Beazer agreed to pay consumers and the government as much as $55 million under the deal. It also paid approximately that amount to Alston & Bird, investigators found. While a member of the justice team told HUD that criminal proceedings would be forthcoming against individuals at Beazer, the documents show, there has been only one indictment: of Michael T. Rand, the company’s former chief accounting officer, whose trial is to begin this fall.

A year after the settlement, Kenneth M. Donohue, the inspector general of HUD at the time, raised questions about its handling. He said he was disturbed by the interference by the Justice Department and its calls to stop pursuing Beazer executives so the deferred prosecution deal could be completed. “As a law enforcement official for over 40 years,” Mr. Donohue wrote in a letter to Eric H. Holder Jr., the attorney general, “I have never witnessed a like action in any of my varied dealings.”

In a recent interview, Mr. Donohue, now a senior adviser at the Reznick Group, an accounting firm in Bethesda, Md., said of the Justice Department: “The most important point of this whole thing is the fact that they threatened the HUD office of the inspector general that we would not be allowed to go forward with our investigation of executives if we didn’t agree to their settlement.”

David A. Brown, acting United States attorney on the case, said: “What we do is work cooperatively as a team in conducting these investigations. We don’t tell agencies to stand down when they are working as part of the team.” He said that the investigation was continuing, and that the Justice Department was proud of the deferred prosecution agreement and the restitution Beazer paid, which more than covered the losses of the Federal Housing Administration fund.

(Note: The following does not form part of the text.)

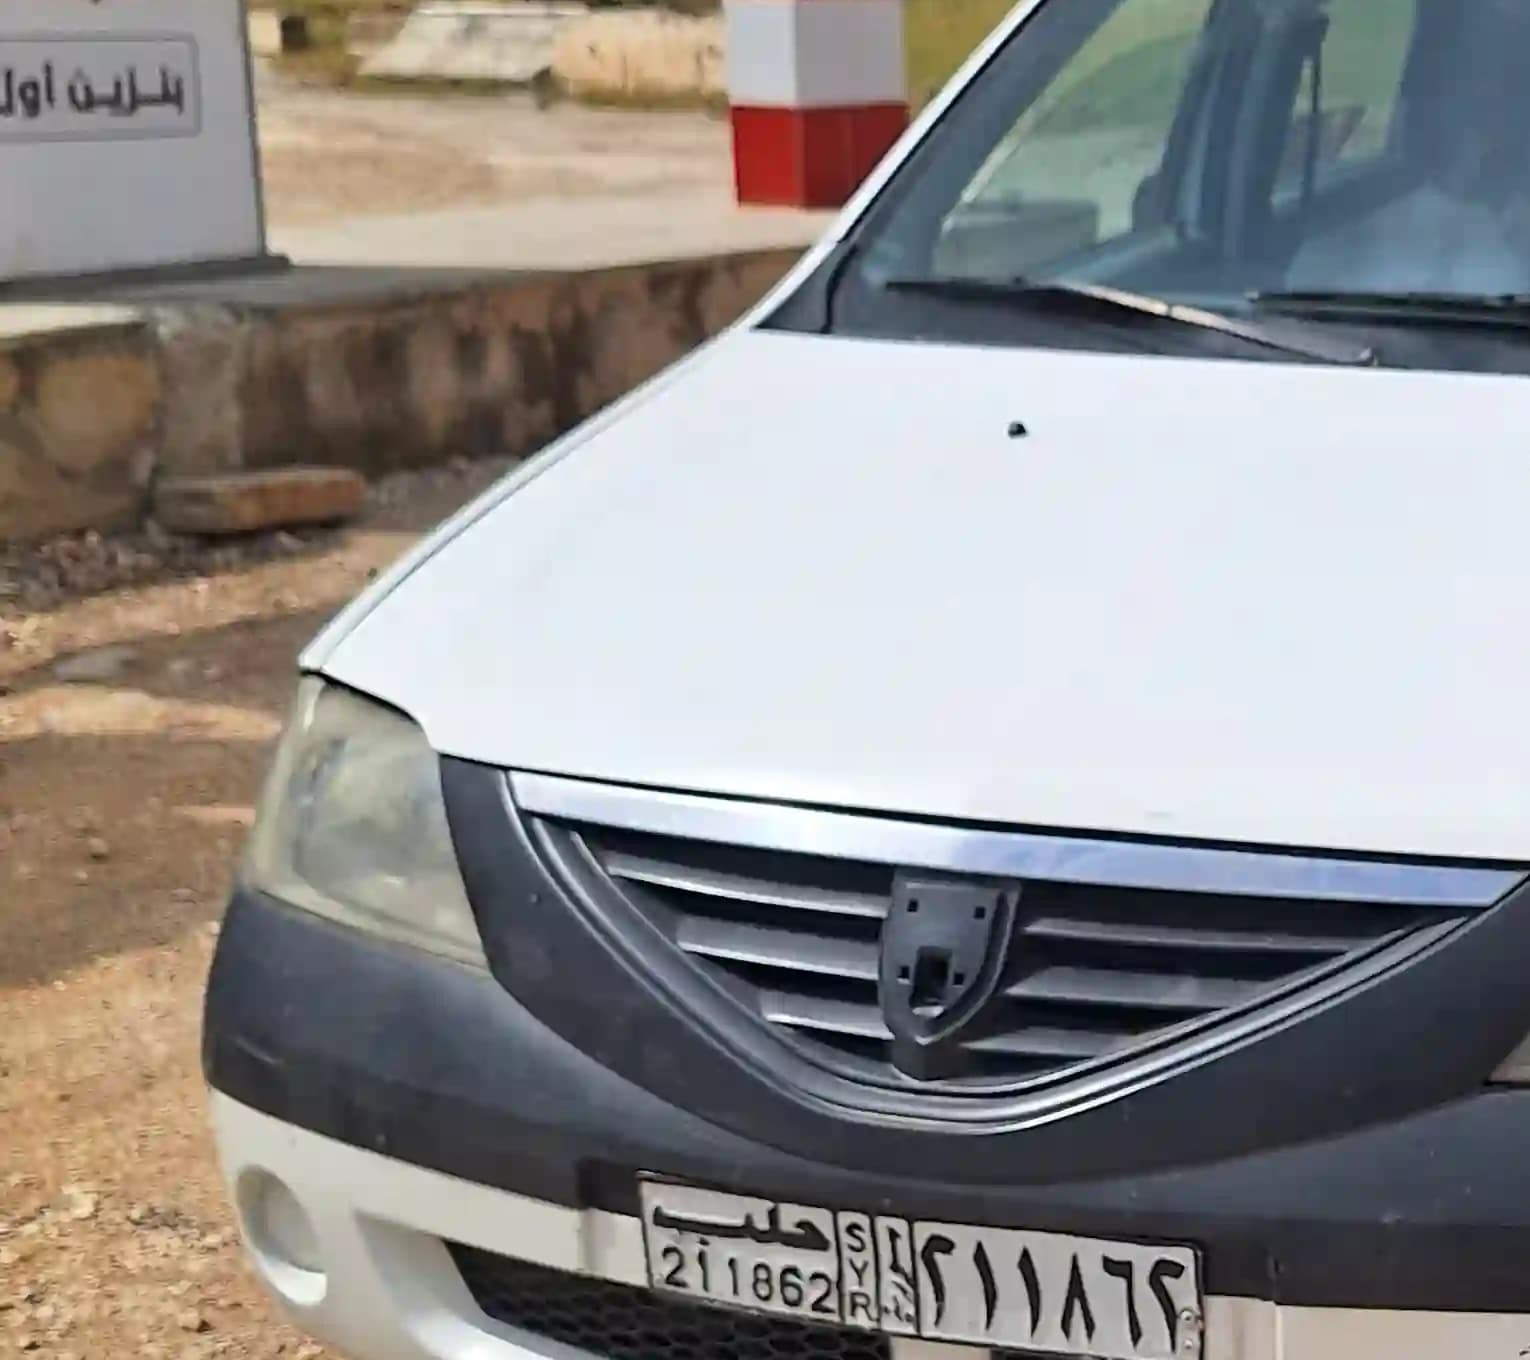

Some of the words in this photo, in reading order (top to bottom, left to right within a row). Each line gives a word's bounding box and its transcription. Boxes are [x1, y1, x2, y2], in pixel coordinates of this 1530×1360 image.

[66, 66, 184, 117] بنزين
[653, 1203, 830, 1251] حلب
[662, 1246, 835, 1313] 211862
[845, 1222, 878, 1321] SYR
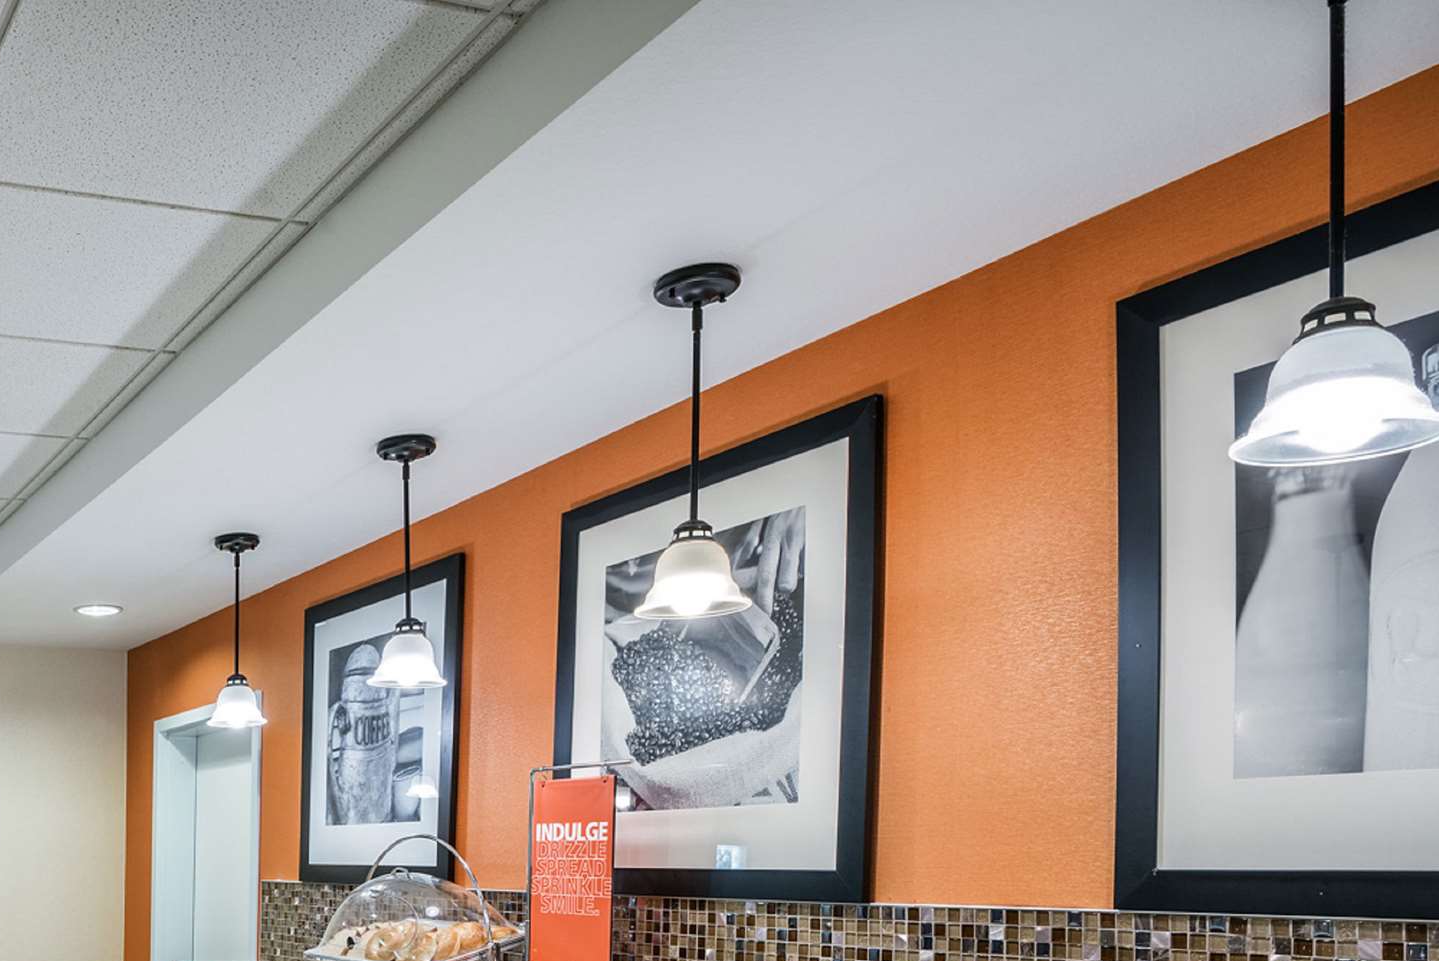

Beazer did not respond to an e-mail, and Alston & Bird did not return a call seeking comment.

Ms. Finelli, the department’s spokeswoman, said that deferred or nonprosecution agreements had led to charges against individuals in many cases; of the 20 companies she cited, three were financial companies. But none were cases related to the financial crisis.

Still, some lawyers applaud the closer relationship between the government and business. “Given the scanty resources that have been committed to corporate crime enforcement, I think the government’s leveraging of its prosecution power from corporations and their lawyers has been critically important,” said Daniel C. Richman, professor of law at Columbia and a former assistant United States attorney in New York.

But Professor Richman added that the government should have “a much more developed, funded and empowered S.E.C., Federal Reserve, E.P.A. and other agencies to do regulation, to do enforcement and feed cases where necessary to criminal prosecutors.”

Changing Course

The names have become synonymous with corporate wrongdoing — and forceful prosecution: Not just Enron, but also WorldCom, Tyco, Adelphia, Rite Aid and ImClone. In the early part of the last decade, senior executives at all these companies were convicted and imprisoned.

But by 2005, a debate was growing over aggressive prosecutions, as some business leaders had been criticizing the approach as perhaps too zealous.

That May, Justice Department officials met ahead of a session with a cross-agency group called the Corporate Fraud Task Force. It was weeks after Justice Department lawyers had presented to the Supreme Court their case against Arthur Andersen, which was seeking — successfully, it would turn out — to overturn its criminal fraud conviction in a prominent case.

In the meeting, the deputy attorney general at the time, James B. Comey, posed questions that surprised some attendees, according to two people there who asked to remain anonymous because they were not supposed to discuss private meetings.

Was American business being hurt by the Justice Department’s investigations?, Mr. Comey asked, according to these two people, who said they thought the message had come from others. He cautioned colleagues to be responsible. “It was a total retrenchment,” one of the people said. “It was like we were going backwards.”

Mr. Comey said recently that he did not recall this conversation.

Around the same time, the Justice Department was developing instructions on dealing with companies under investigation — particularly companies that work with the government. It issued a memo in 2003 that gave companies more credit for cooperating than in the past. That message was reinforced in another memo in 2006.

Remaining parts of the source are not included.